> _PROBLEM STATEMENT_
Could you reproduce, exactly as written, every line from the one containing "this 1920×1280 image." through the last line of the records, and nothing else?

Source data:
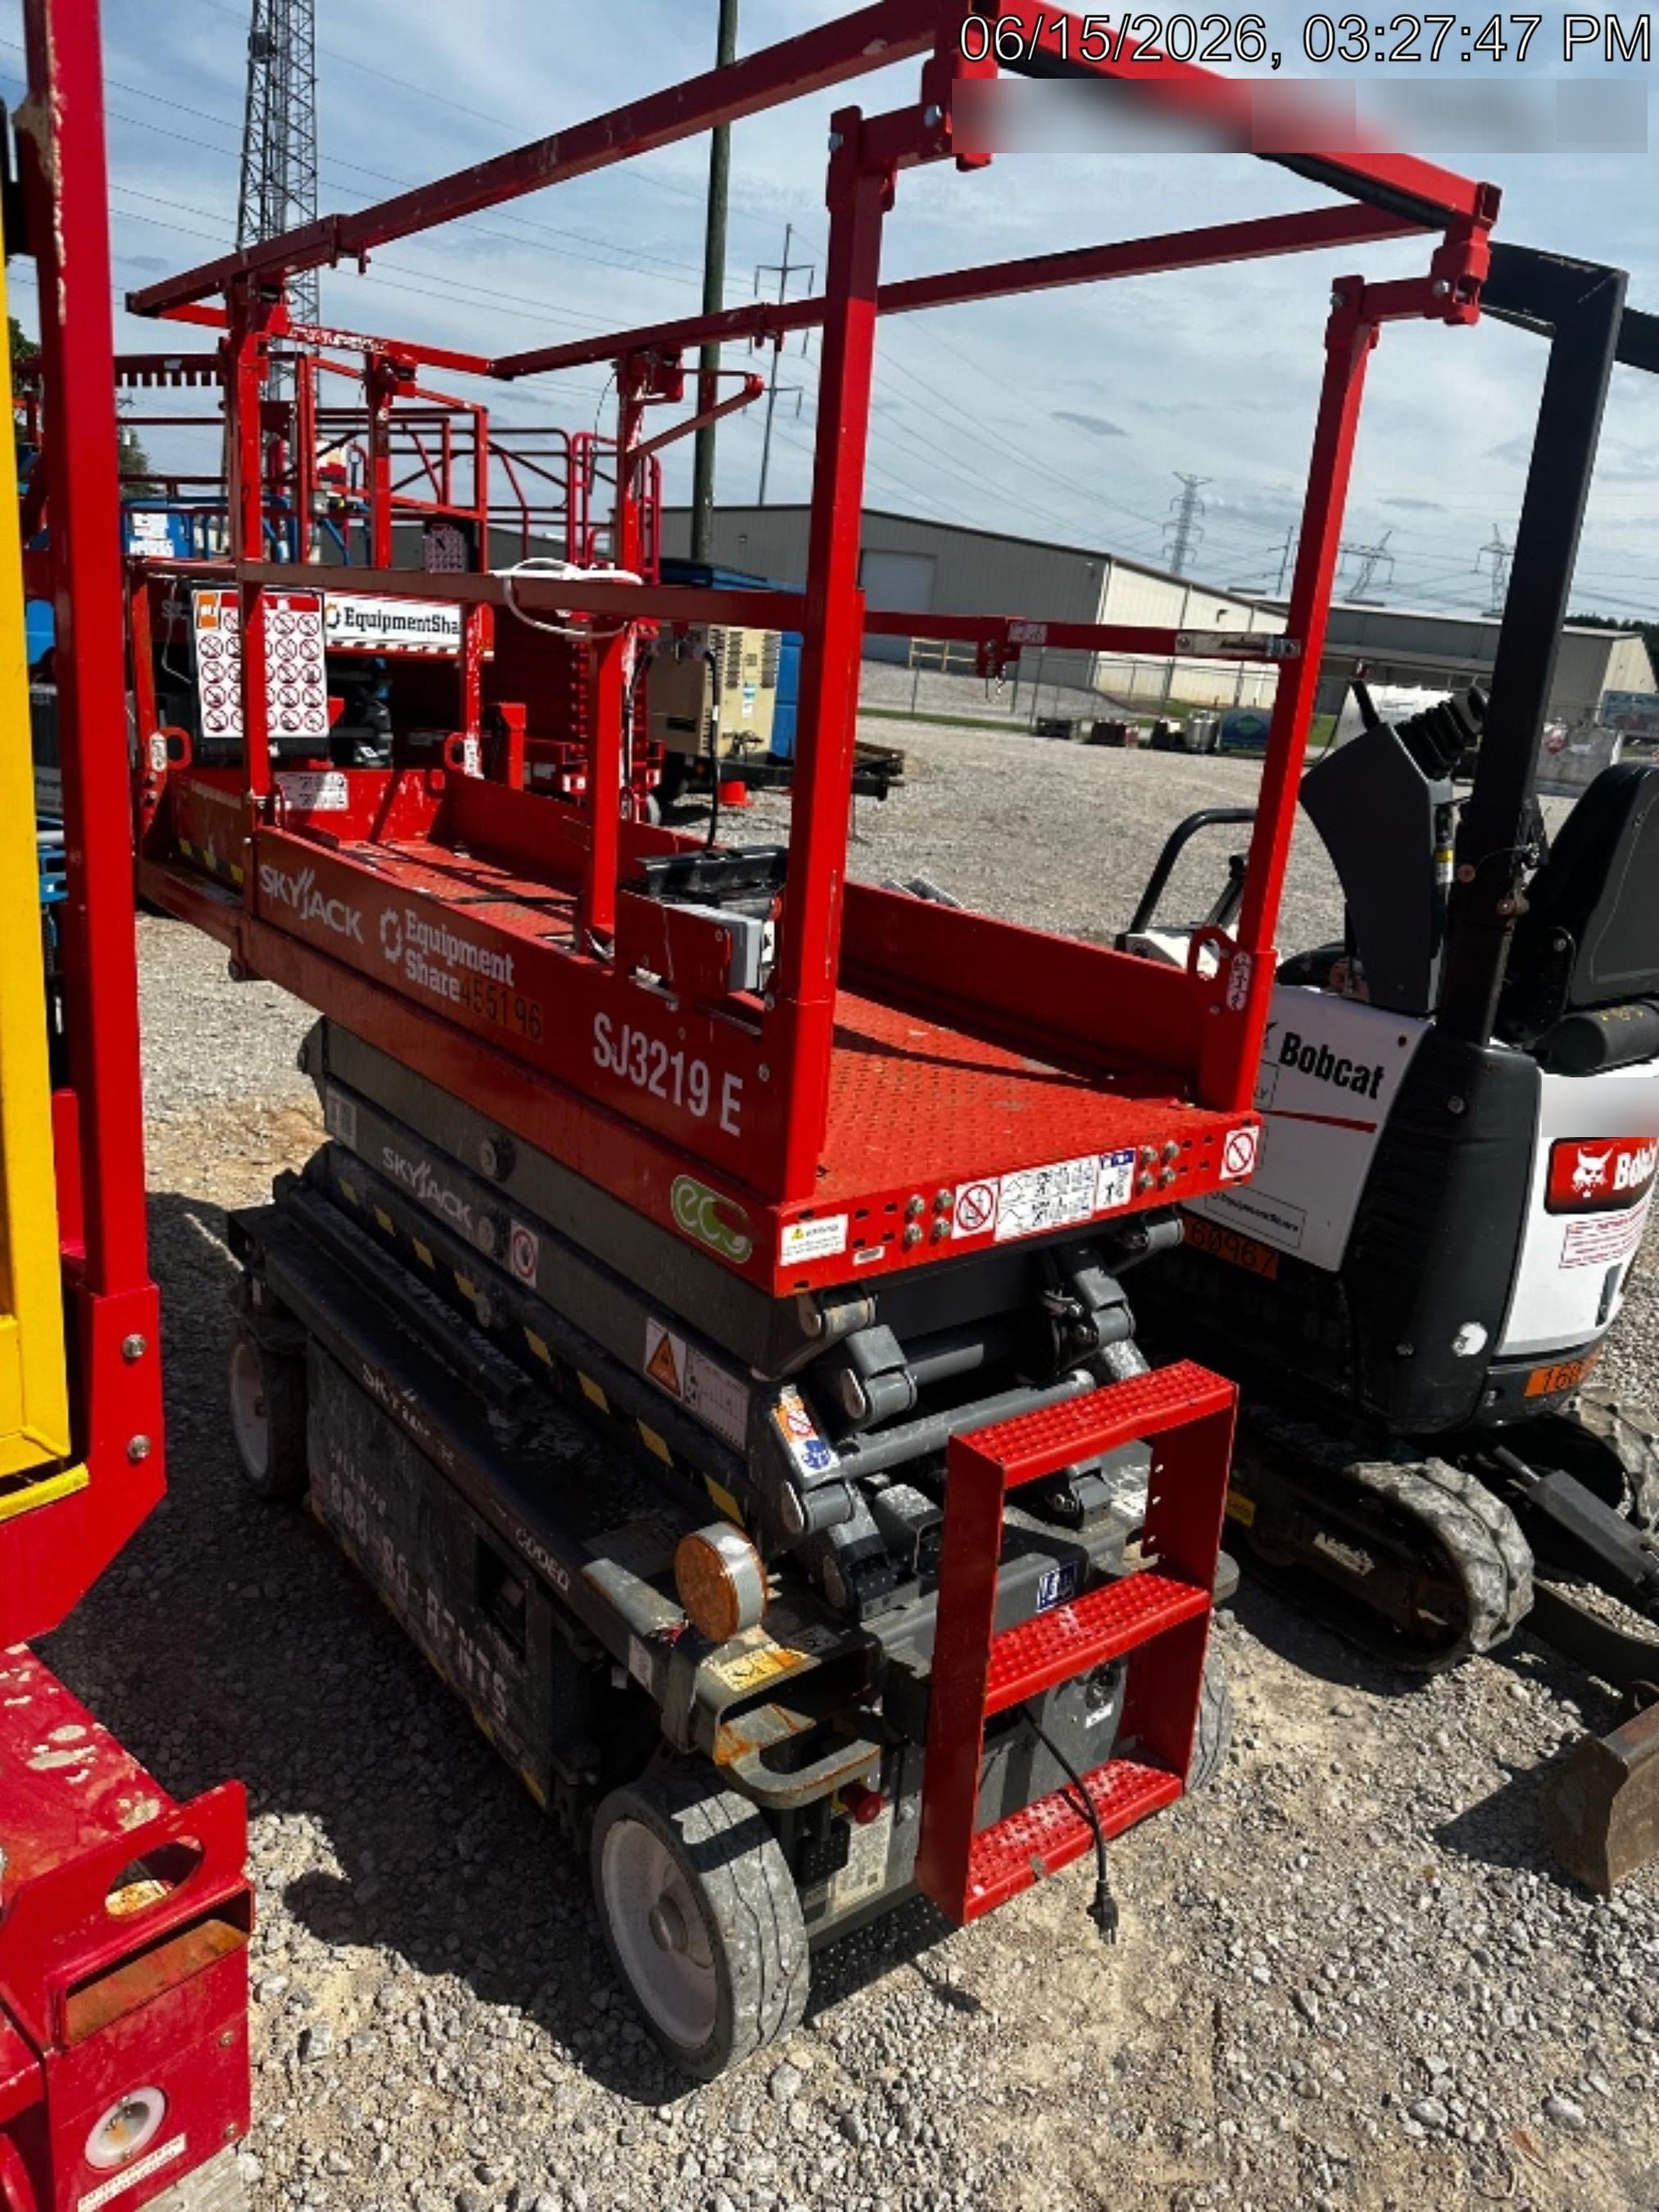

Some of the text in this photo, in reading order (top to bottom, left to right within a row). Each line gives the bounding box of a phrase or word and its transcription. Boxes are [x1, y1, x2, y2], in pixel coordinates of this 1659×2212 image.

[343, 606, 460, 635] EquipmentSha
[259, 863, 365, 945] SKYJACK
[405, 909, 514, 987] Equipment
[406, 948, 461, 1003] Share
[592, 1012, 744, 1139] SJ3219 E
[1278, 1031, 1385, 1100] Bobcat
[382, 1147, 473, 1230] SKYJACK
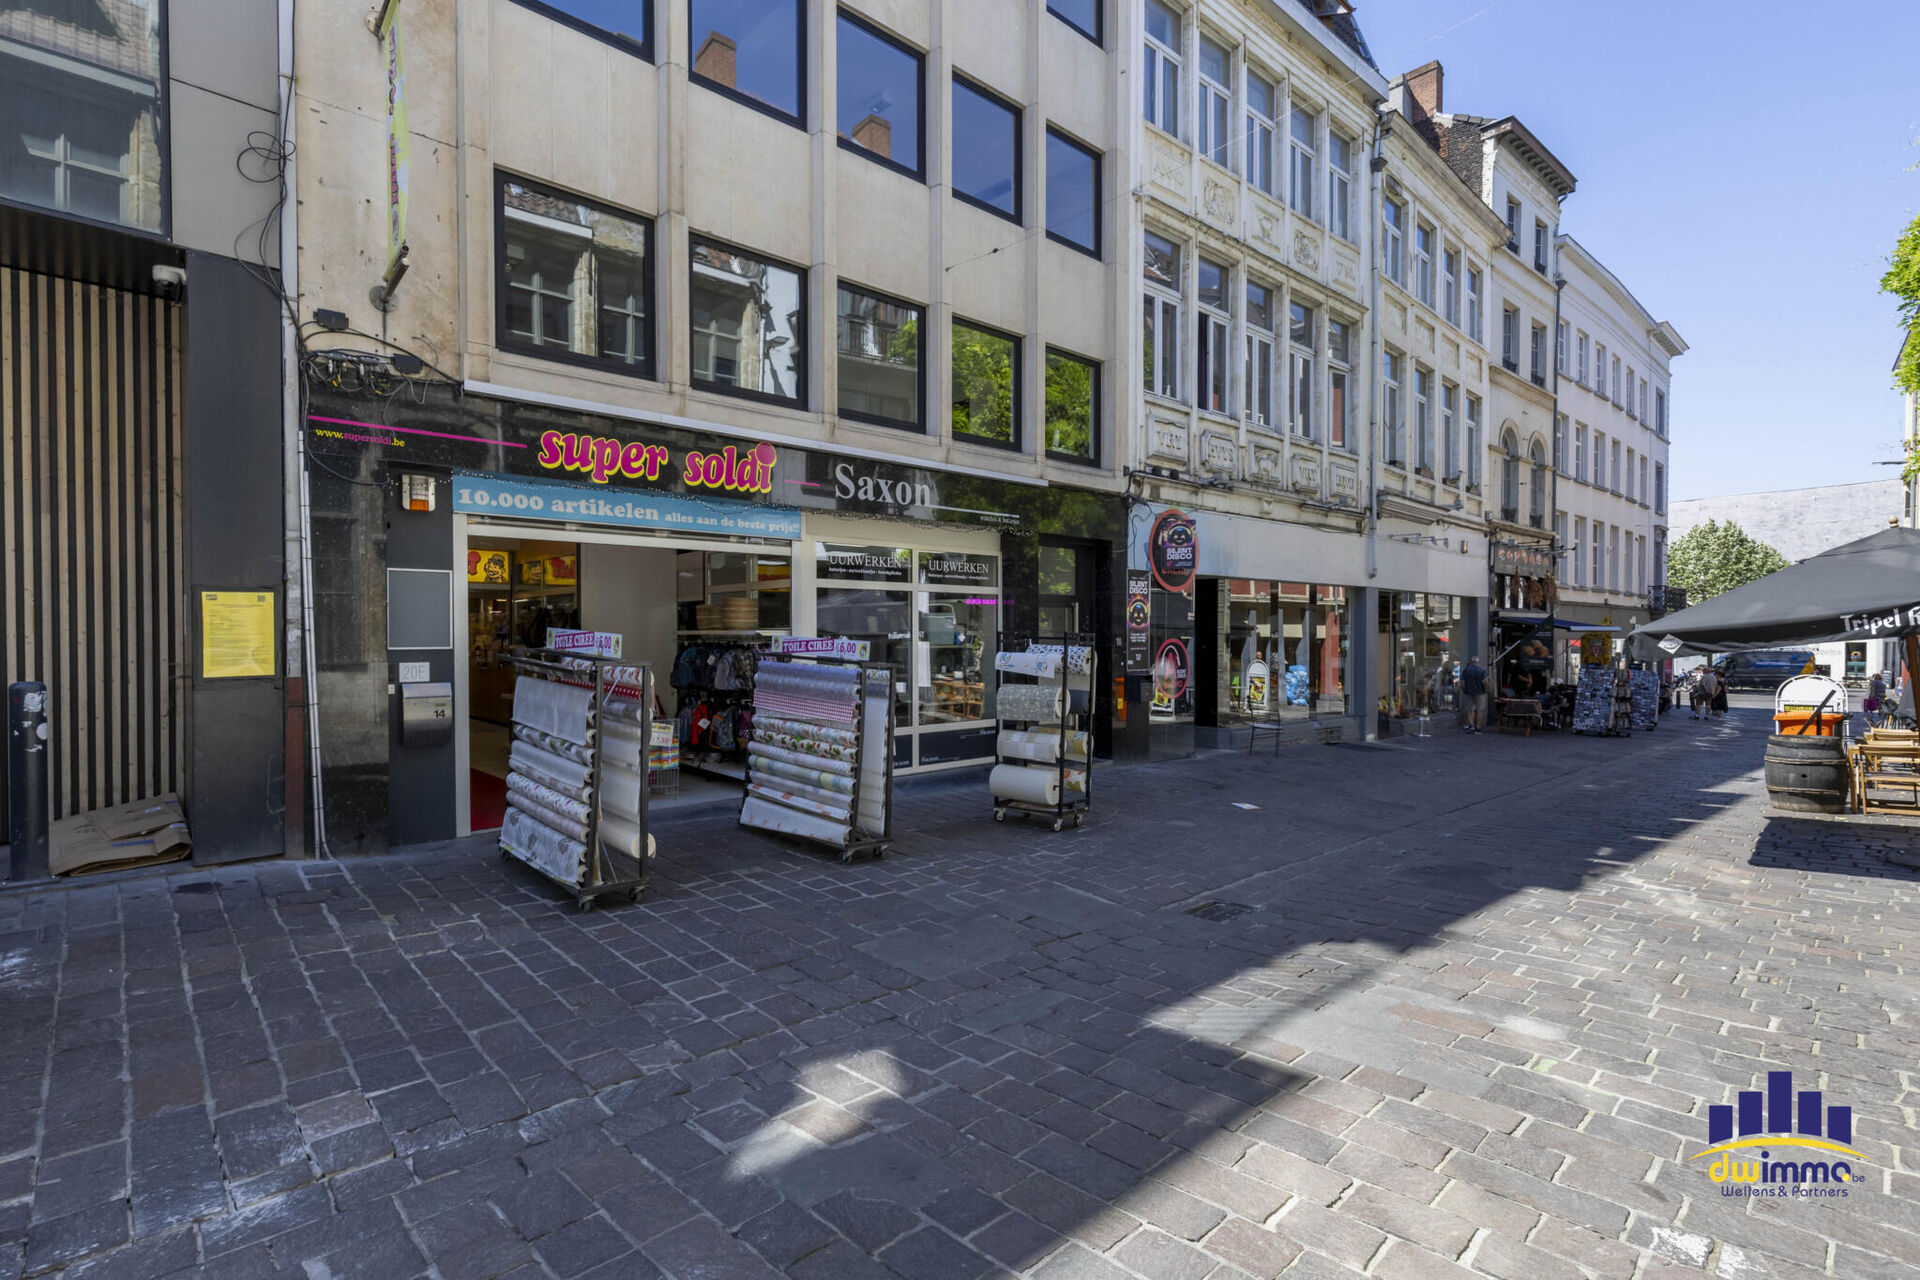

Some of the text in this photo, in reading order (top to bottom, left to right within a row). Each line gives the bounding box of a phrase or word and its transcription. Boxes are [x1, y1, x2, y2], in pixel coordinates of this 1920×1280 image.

[315, 429, 405, 447] www.supersoldi.be
[538, 430, 777, 494] super soldi
[835, 463, 930, 507] Saxon
[458, 488, 544, 511] 10.000
[551, 499, 659, 522] artikelen
[664, 512, 693, 524] alles
[696, 516, 718, 527] aan
[720, 516, 734, 528] de
[737, 518, 767, 531] beste
[829, 554, 901, 568] UURWERKEN
[928, 559, 990, 574] UURWERKEN
[1129, 580, 1148, 588] SILENT
[1129, 587, 1148, 595] DISCO
[1840, 608, 1902, 635] Tripel
[783, 641, 806, 653] TOILE
[432, 708, 445, 719] 14

> _ANSWER FOR THIS EXERCISE_
Some of the text in this photo, in reading order (top to bottom, left to right within a row). Each line gives the bounding box of a phrase or word and its transcription. Boxes are [x1, y1, x2, y2], in pixel coordinates of this 1920×1280 image.

[315, 429, 405, 447] www.supersoldi.be
[538, 430, 777, 494] super soldi
[835, 463, 930, 507] Saxon
[458, 488, 544, 511] 10.000
[551, 499, 659, 522] artikelen
[664, 512, 693, 524] alles
[696, 516, 718, 527] aan
[720, 516, 734, 528] de
[737, 518, 767, 531] beste
[829, 554, 901, 568] UURWERKEN
[928, 559, 990, 574] UURWERKEN
[1129, 580, 1148, 588] SILENT
[1129, 587, 1148, 595] DISCO
[1840, 608, 1902, 635] Tripel
[783, 641, 806, 653] TOILE
[432, 708, 445, 719] 14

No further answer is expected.